Thanks to its location just north of the Rio Grande River, a good portion of ELP’s passenger base comes from Northern Mexico, particularly cities and towns within the state of Chihuahua. Travelers move north by buses or intra-Mexico flights to Ciudad Juárez’s Abraham Gonzalez International Airport (CJS), then transit the U.S.-Mexican land border before hopping domestic flights from ELP to other U.S. cities. A reverse pattern also holds true.

“Inevitably, we function as a two-airport system (with CJS). Their flights go south, and ours go north of the border,” Rodriguez explains. “There are about 500 (U.S.-based) passengers each day who cross the border to use the Juarez airport, and the busiest mass transit route in our city is from the (border) bridge to this airport.”

These days, trips through ELP are primarily for leisure travel or visiting friends and relatives on either side of la frontera (the border). But prior to the pandemic, business traffic dominated. Most was from workers who frequently moved between U.S. markets and Ciudad Juárez, which is known for its “maquiladoras”—factories in Mexico run by foreign companies to export products back to their home nations. Rodriguez believes ELP’s industrial expansion will recapture some of its lost business traffic.

“The opportunity with this (aerospace and defense manufacturing) initiative and how it translates back to airport operations is pretty significant,” says Rodriguez, who has focused greatly on diversifying ELP’s revenue streams since he became director in the spring of 2020, when COVID was still ravaging air travel.

Elizabeth Triggs, director of Economic and International Development for the city of El Paso, also believes recent economic trends favor a further boost in air travel through the region.

“We are right on the border, not a couple miles away. So the way El Paso operates has a lot of permeability,” explains Triggs. “This is one of the largest ports for Mexican trade, and with more ‘near shoring,’ Mexico is starting to pick up some of the manufacturing that was overseas.

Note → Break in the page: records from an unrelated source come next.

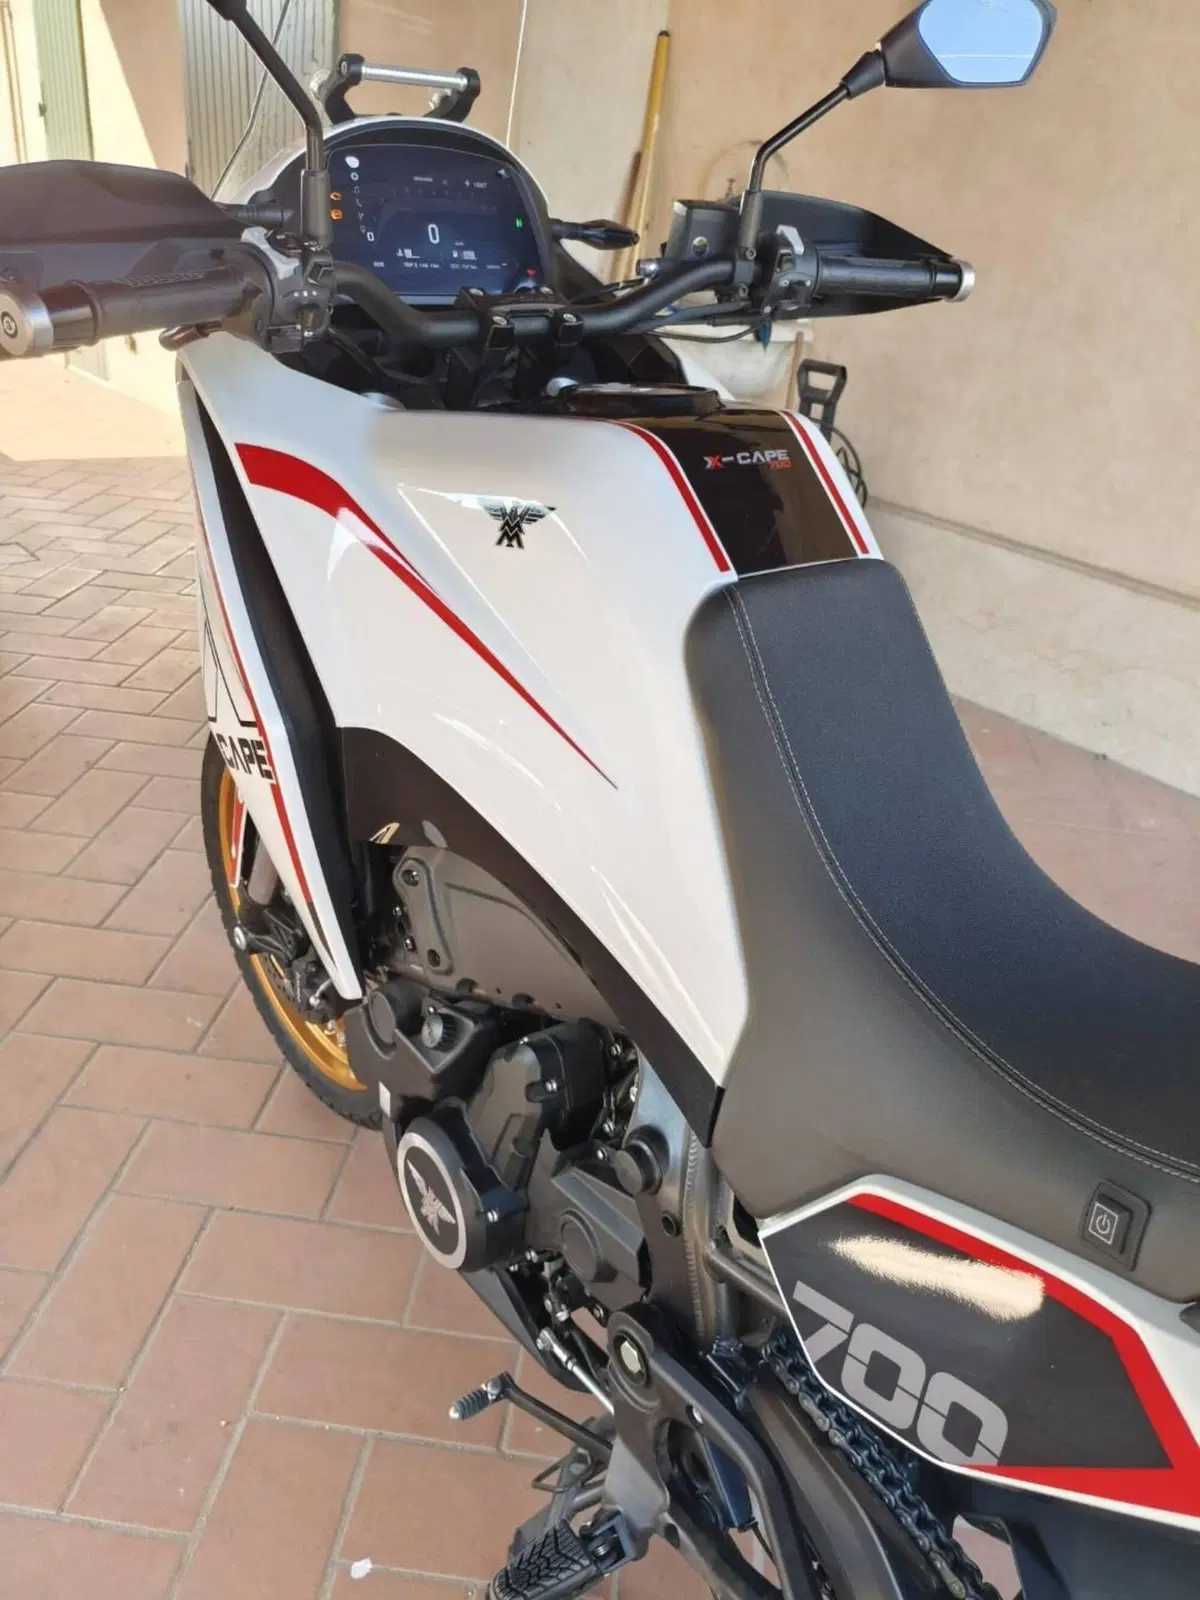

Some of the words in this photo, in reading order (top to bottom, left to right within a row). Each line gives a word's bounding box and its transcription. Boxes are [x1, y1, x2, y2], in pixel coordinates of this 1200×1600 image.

[366, 231, 375, 242] 0
[428, 223, 440, 244] 0
[216, 733, 274, 780] CAPE
[792, 1280, 1009, 1467] 700
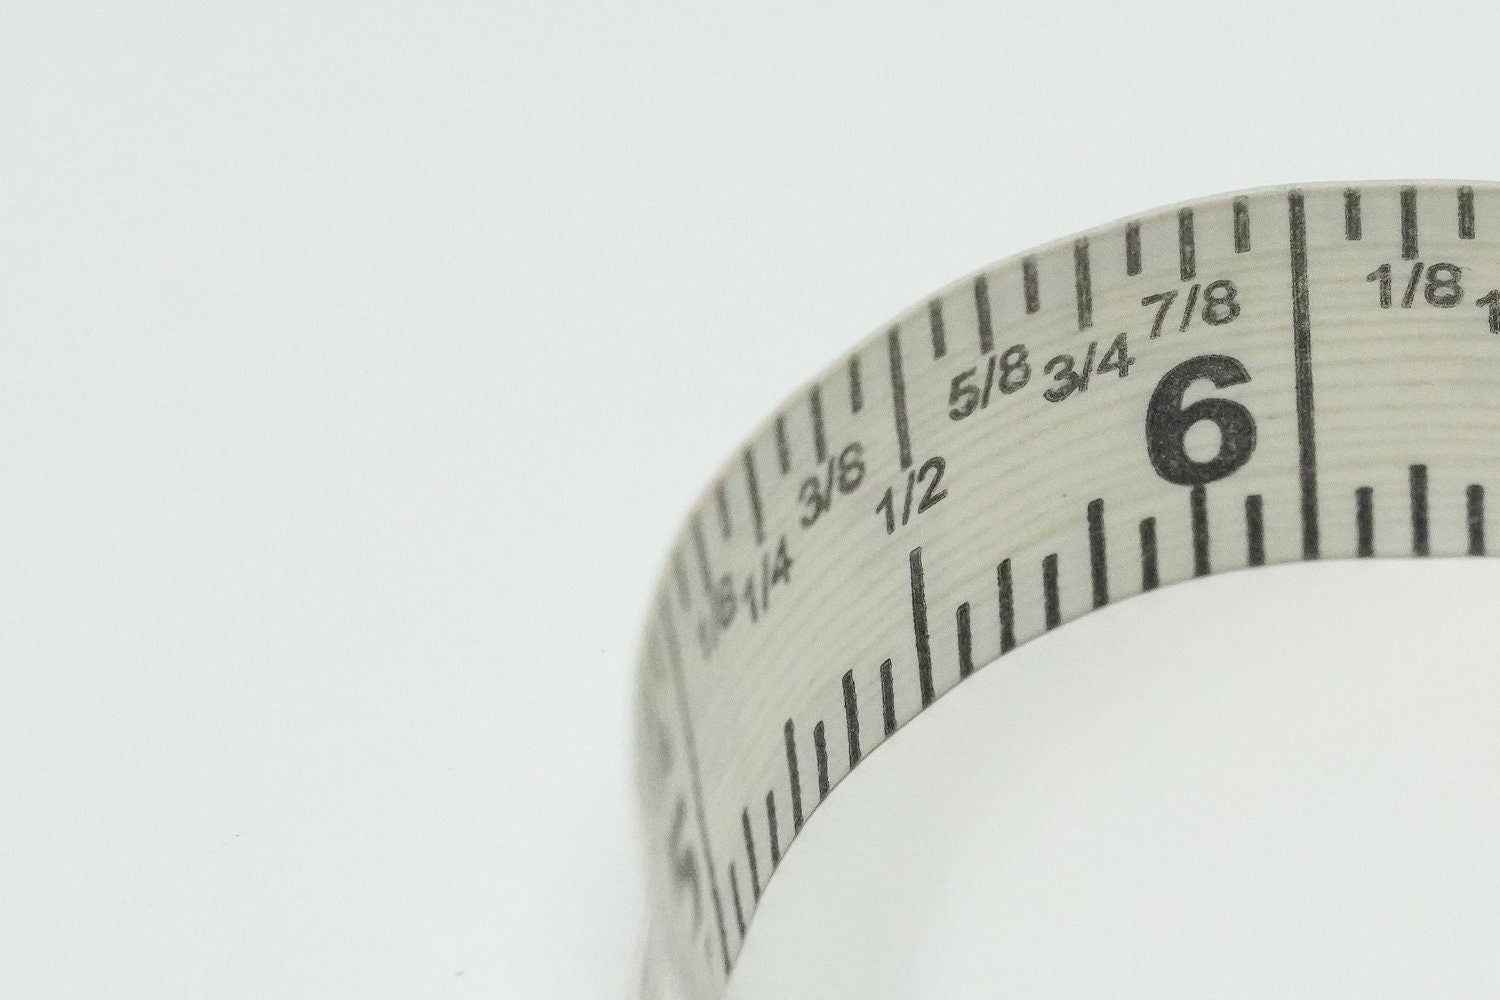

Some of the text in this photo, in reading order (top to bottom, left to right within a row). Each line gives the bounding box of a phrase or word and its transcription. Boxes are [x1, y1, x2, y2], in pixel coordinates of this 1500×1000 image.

[1141, 278, 1241, 340] 7/8
[1367, 261, 1467, 310] 1/8
[948, 343, 1033, 422] 5/8
[1042, 331, 1137, 403] 3/4
[1145, 353, 1257, 487] 6
[798, 441, 867, 529] 3/8
[875, 456, 949, 536] 1/2
[744, 535, 794, 624] 1/4
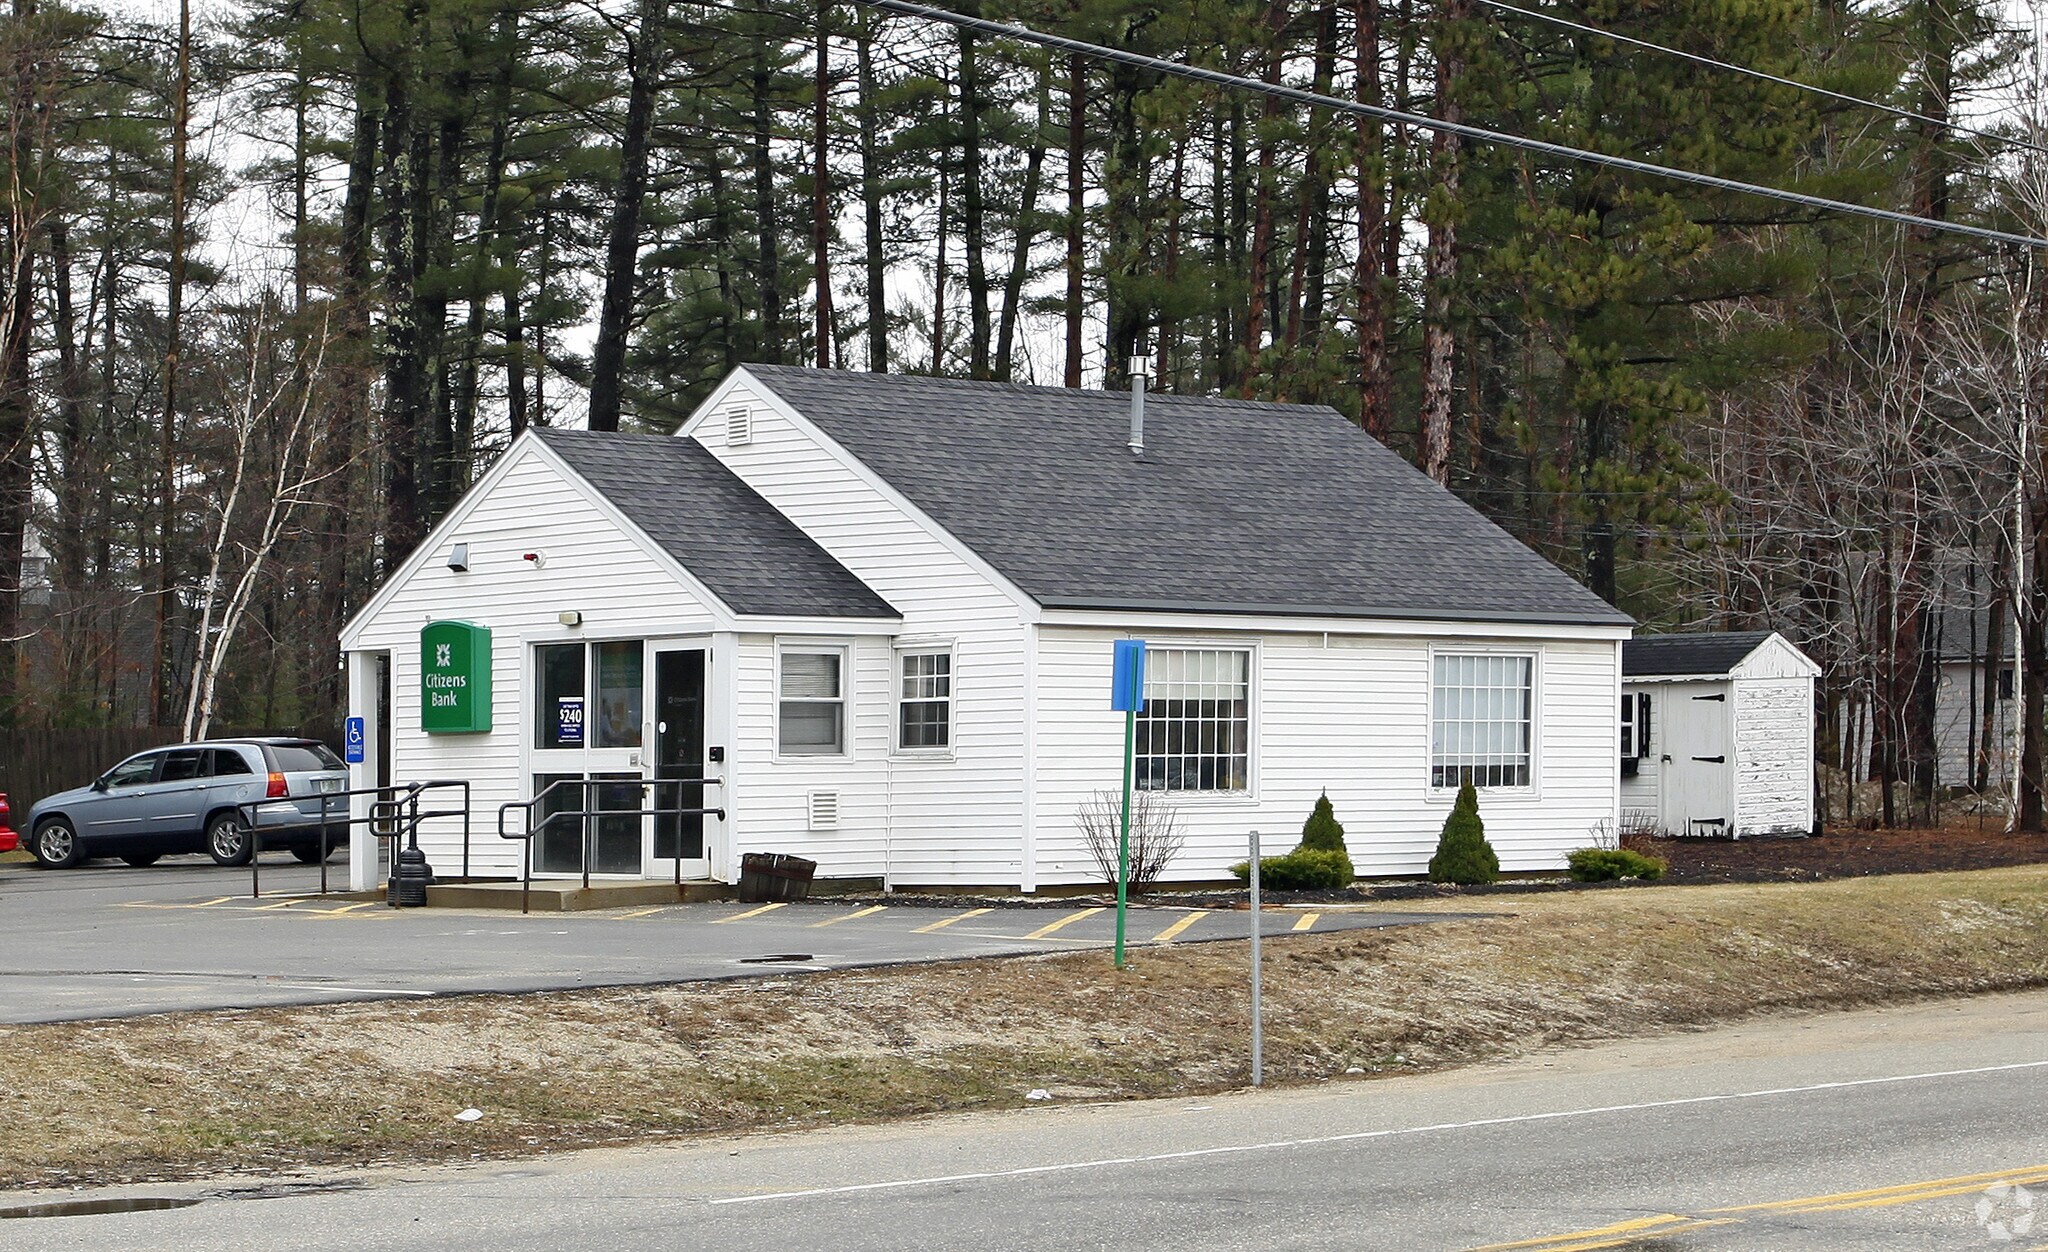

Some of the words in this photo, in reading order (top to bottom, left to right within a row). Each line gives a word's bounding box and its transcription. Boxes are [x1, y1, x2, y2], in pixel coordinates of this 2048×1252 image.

[426, 673, 466, 688] Citizens
[431, 690, 457, 707] Bank
[559, 708, 582, 723] $240

“It so much easier—more predictable, but also less expensive—to make products in Mexico and move them across the U.S. land border rather than depending on China or other countries where the supply chains have not been as consistent over the last couple of years,” she continues. “The airport comes into play because it’s a ton of land that’s easily accessible, from the air or just a bit further south at the Bridge of the Americas.”